- Poster
- Genre: Romantic comedy; Coming-of-age; Drama;
- Based on: When Dimple Met Rishi by Sandhya Menon
- Written by: Gazal Dhaliwal
- Directed by: Akarsh Khurana; Nipun Dharmadhikari;
- Starring: Prajakta Koli; Rohit Saraf; Rannvijay Singha; Vidya Malvade; Vihaan Samat; Taaruk Raina; Ahsaas Channa; Muskkaan Jaferi;
- Composers: Songs:; Jasleen Royal; Samar Grewal; Anurag Saikia; Prateek Kuhad; Shashwa; Taaruk Raina; Dee MC; Abhijay Negi; Hiphop Bhaiya; Background Score:; Anurag Saikia;
- Country of origin: India
- No. of seasons: 3
- No. of episodes: 22

Production
- Producer: Ronnie Screwvala
- Cinematography: Avinash Arun (season 1); Milind Jog (season 2); Sudip Sengupta (season 3);
- Editors: Sanyukta Kaza; Namrata Rao;
- Running time: 35 minutes

Original release
- Network: Netflix
- Release: 20 November 2020 – present

= Mismatched =

Indian coming-of-age series

Mismatched is an Indian Hindi-language coming-of-age romantic drama television series on Netflix, based on Sandhya Menon's 2017 novel When Dimple Met Rishi. It was adapted by Gazal Dhaliwal and directed by Akarsh Khurana and Nipun Dharmadhikari. It is produced by Ronnie Screwvala's RSVP Movies. Starring Prajakta Koli, Rohit Saraf, Rannvijay Singha and Vidya Malvade in prominent roles, the series is about Rishi, a die-hard romantic who believes in traditional ways of dating, who falls for Dimple, a gamer, and eventually wants to marry her.
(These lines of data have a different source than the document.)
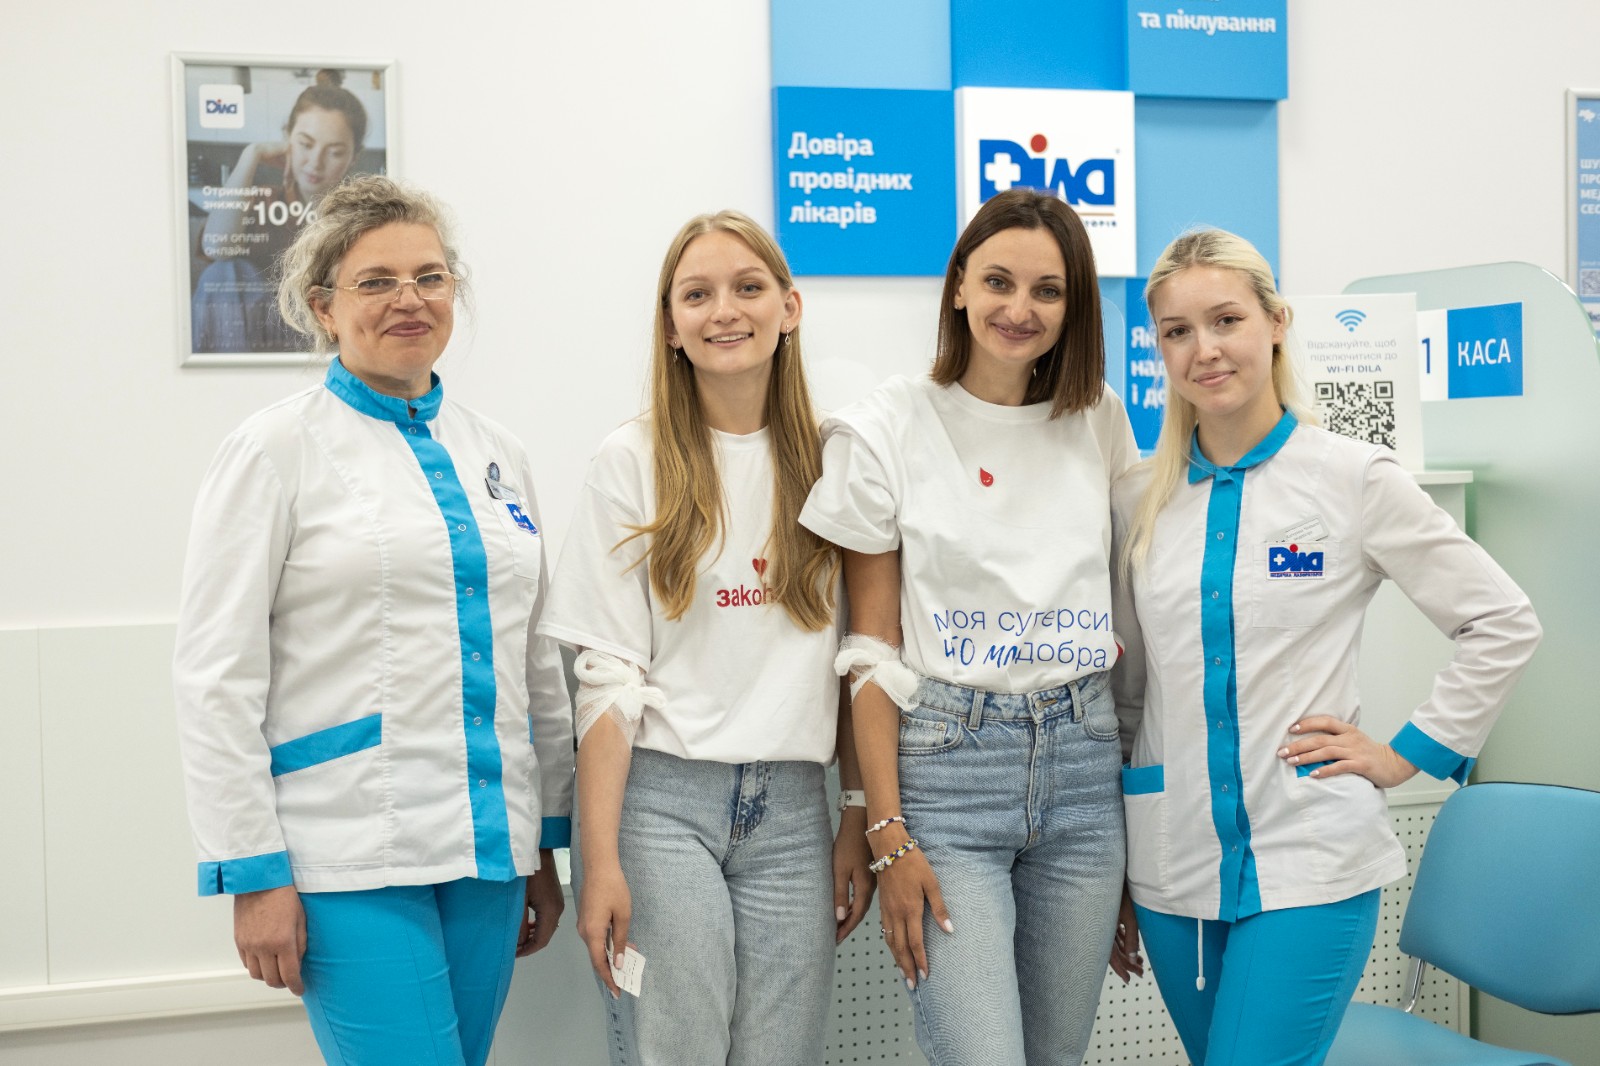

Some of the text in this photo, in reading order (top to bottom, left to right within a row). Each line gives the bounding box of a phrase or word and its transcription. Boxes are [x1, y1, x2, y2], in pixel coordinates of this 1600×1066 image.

[1138, 9, 1276, 36] та піклування
[788, 132, 874, 162] Довіра
[1580, 158, 1600, 169] ШУ
[789, 166, 912, 193] провідних
[202, 185, 272, 198] Отримайте
[202, 200, 250, 212] знижку
[253, 201, 318, 226] 10%
[788, 201, 877, 229] лікарів
[203, 233, 269, 243] при оплаті
[204, 245, 250, 256] онлайн
[1307, 338, 1397, 351] Відскануйте, щоб
[1310, 351, 1398, 363] підключитися до
[1457, 337, 1511, 367] КАСА
[1326, 364, 1382, 374] WI-FI DILA
[1014, 639, 1107, 671] добра
Dhaliwal adapted the novel in early 2018, with the script being tweaked for the series. While the novel is set in the United States, the story was adapted to take place in Jaipur. The series features cinematography handled by Avinash Arun and Milind Jog, with editing done by Sanyukta Kaza and Namrata Rao. Mismatched features a soundtrack album composed by Jasleen Royal, Samar Grewal, Anurag Saikia, Prateek Kuhad, Shashwat Singh, Taaruk Raina, Deepa Unnikrishnan, Abhijay Negi and Hiphop Bhaiya, with Saikia also composing background score for the series.

The series premiered on 20 November 2020, through the streaming platform Netflix. It received a positive response from audiences, with critics praising the chemistry of Saraf and Koli, the performances of the cast, music and background score. However, the writing and the direction was criticized.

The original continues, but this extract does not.